Jana ya no está en mi vida. O sí, pero de otra manera. Sale en algunos sueños y en muchas pesadillas.

Esa Nochevieja, al otro lado del teléfono, y también al otro lado de la frontera provincial, hay una mujer llamada X. que me quiere. A su extraño modo, pero me quiere. Yo también la quiero, a mi manera. Nunca hay dos quereres iguales ni canónicos. O sí, pero solo en las películas de Hollywood. A veces das una cosa y te corresponden con otra. A veces te entregas y ellas te fallan; a veces tú fallas y ellas se entregan. A veces la comunión de los cuerpos enmascara la descomunión de los espíritus. Y al revés. Supongo que la Gran Sintonía es eso que llamamos el Gran Amor. Pero el Gran Amor -empiezo a sospecharlo ya por esa época- sólo es un argumento ideado por Don Draper para vender cocacolas.

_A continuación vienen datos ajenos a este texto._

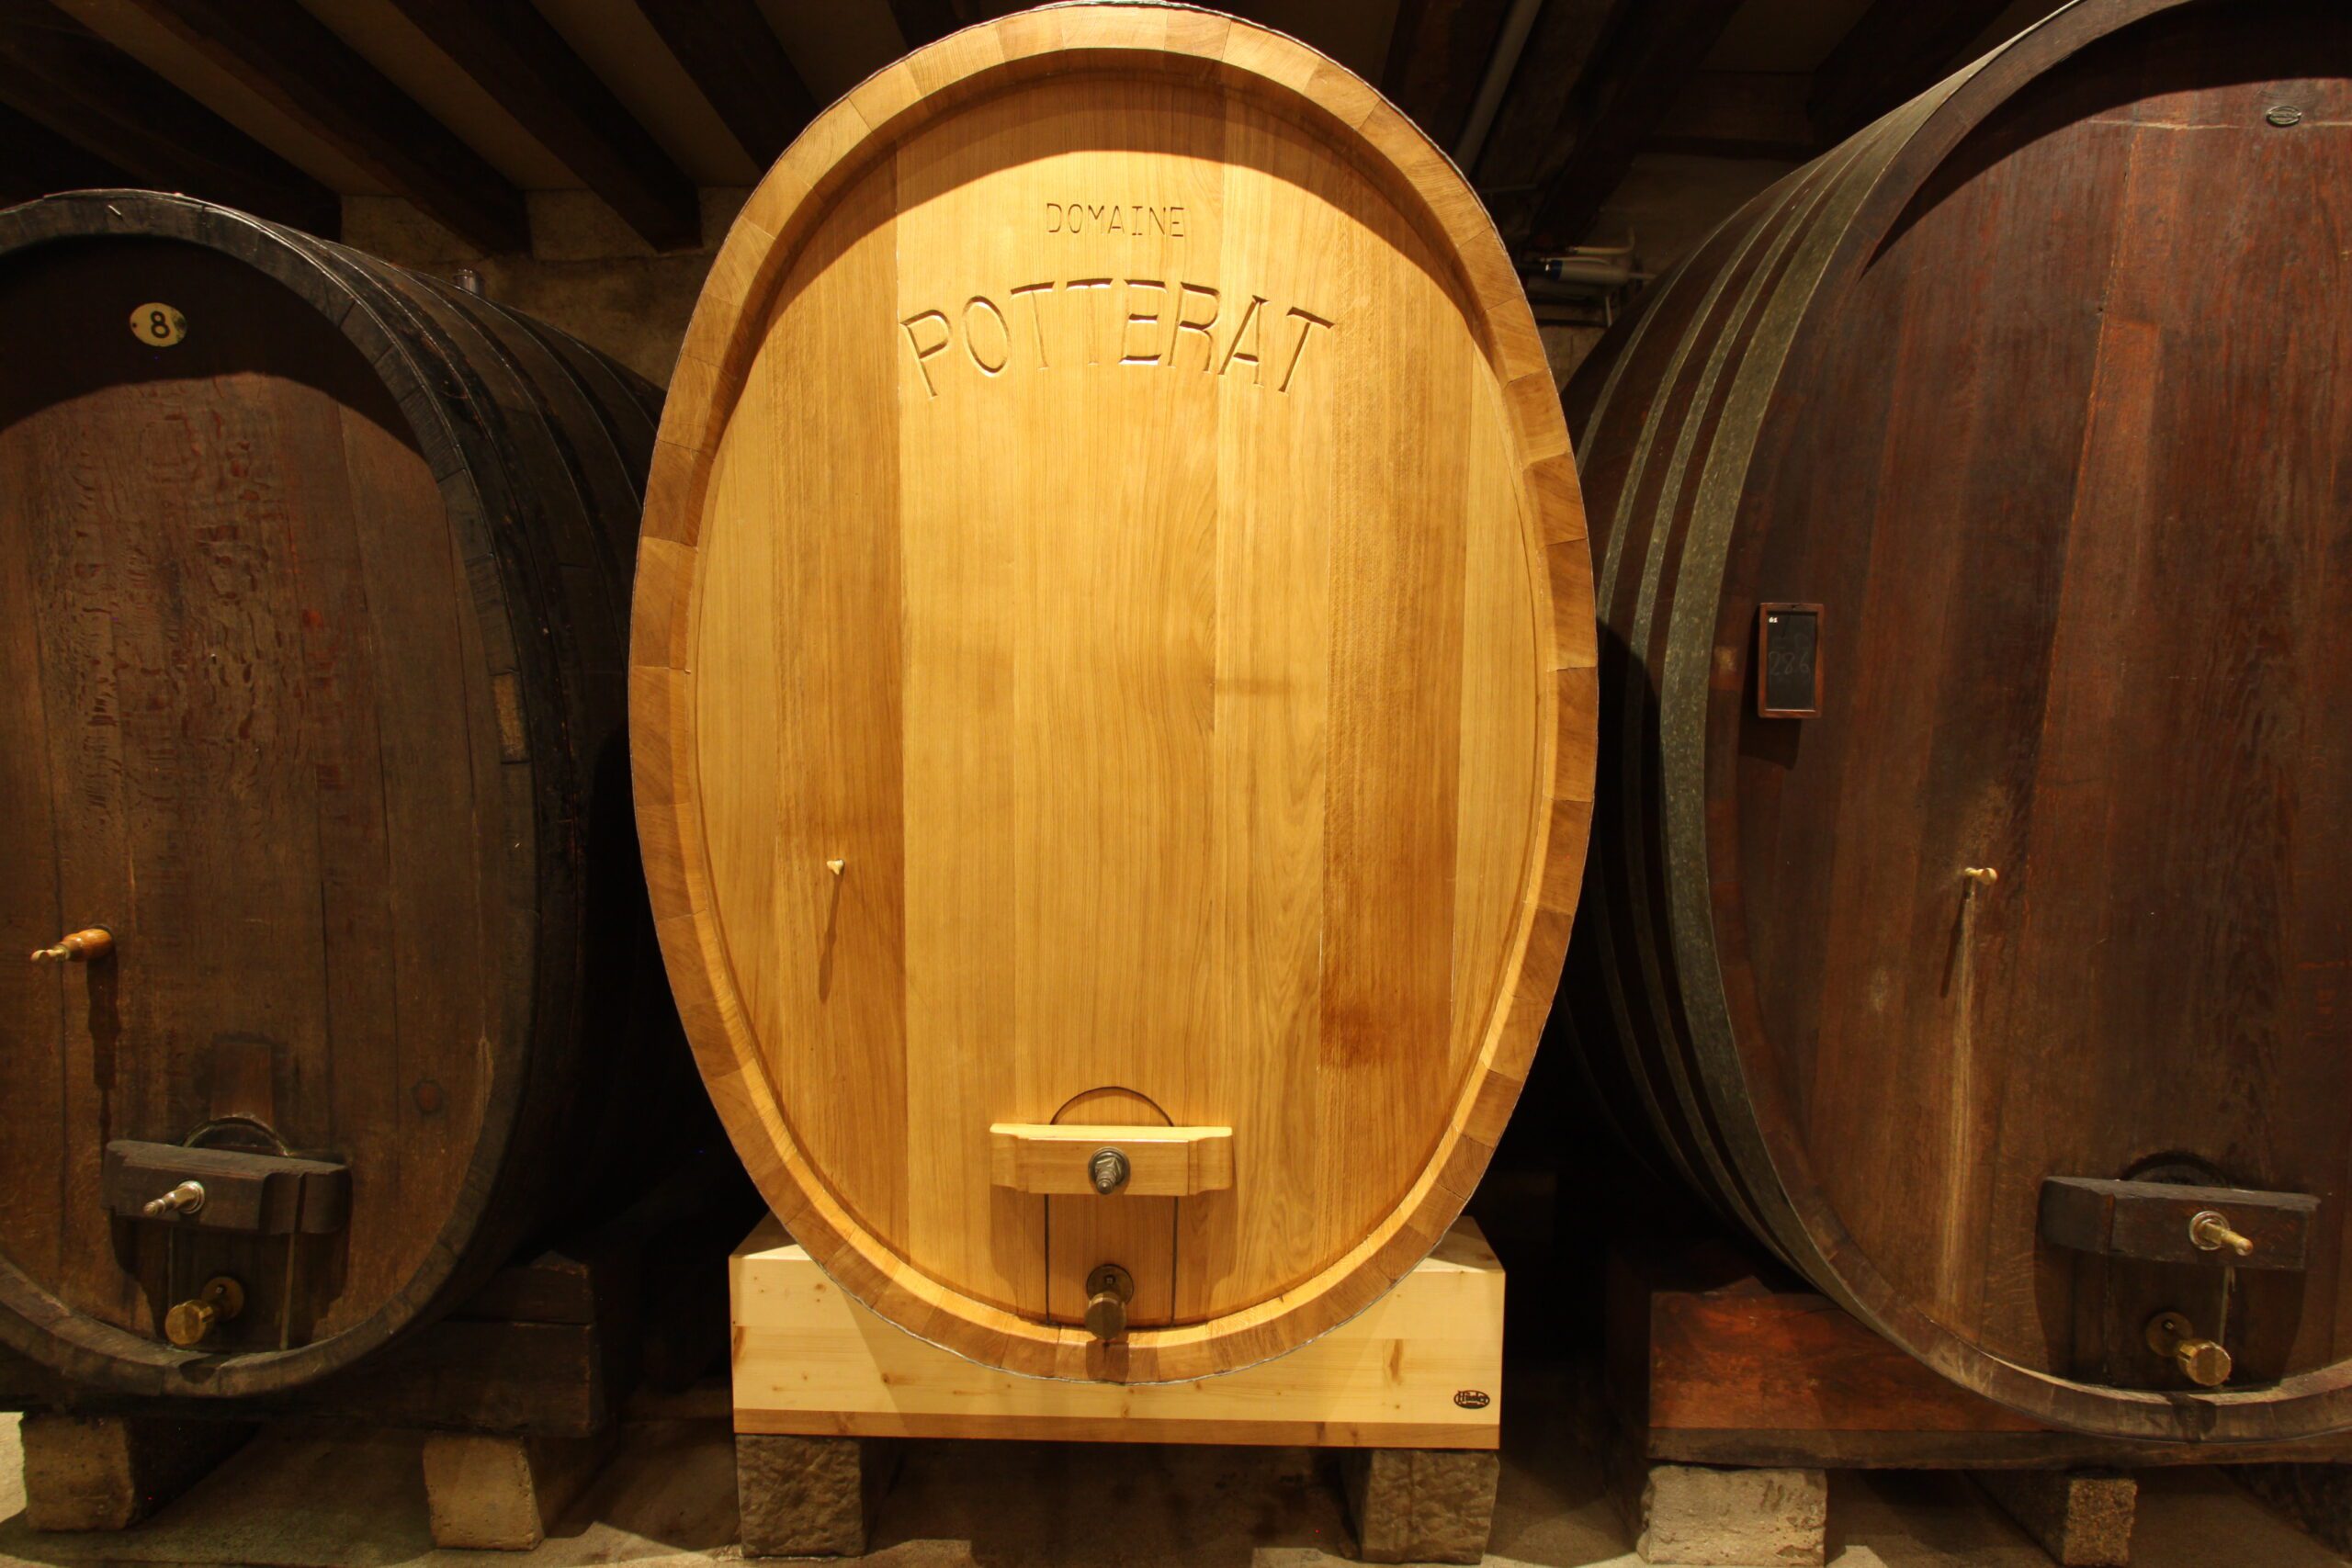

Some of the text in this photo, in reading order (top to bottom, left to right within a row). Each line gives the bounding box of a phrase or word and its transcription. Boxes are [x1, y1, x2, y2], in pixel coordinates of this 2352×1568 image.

[1046, 203, 1184, 237] DOMAINE
[150, 310, 170, 339] 8
[900, 277, 1335, 399] POTTERAT

Paso esa Nochevieja en León, con mi madre. Mi hijo ya no recuerdo si estaba porque desde que se hizo mayor de edad elige trinchera cada año. Estoy seguro de que en los whatsapps de aquella noche alguien comentó la última noticia sobre un virus raro que se expandía rápidamente por China. Cosas de chinos, dijimos... Tres meses después, justo antes de mi cumpleaños, las Fuerzas y Cuerpos de Seguridad del Estado tomaron posiciones en las fronteras interiores.


Nochevieja de 2020

No recuerdo nada especial: León, mi madre, quizá mi hijo, las campanadas con la Pedroche, el programa de Cachitos en La 2... Aún eran tiempos de pandemia. Somos muchos los que hemos desarrollado una amnesia peculiar -yo diría que freudiana- sobre aquellos días vacíos y desperdiciados. Esa Nochevieja no hubo viajes ni experiencias. Nada de fiestas ni de polvos del siglo. Sólo la calma chicha del tiempo en reclusión. 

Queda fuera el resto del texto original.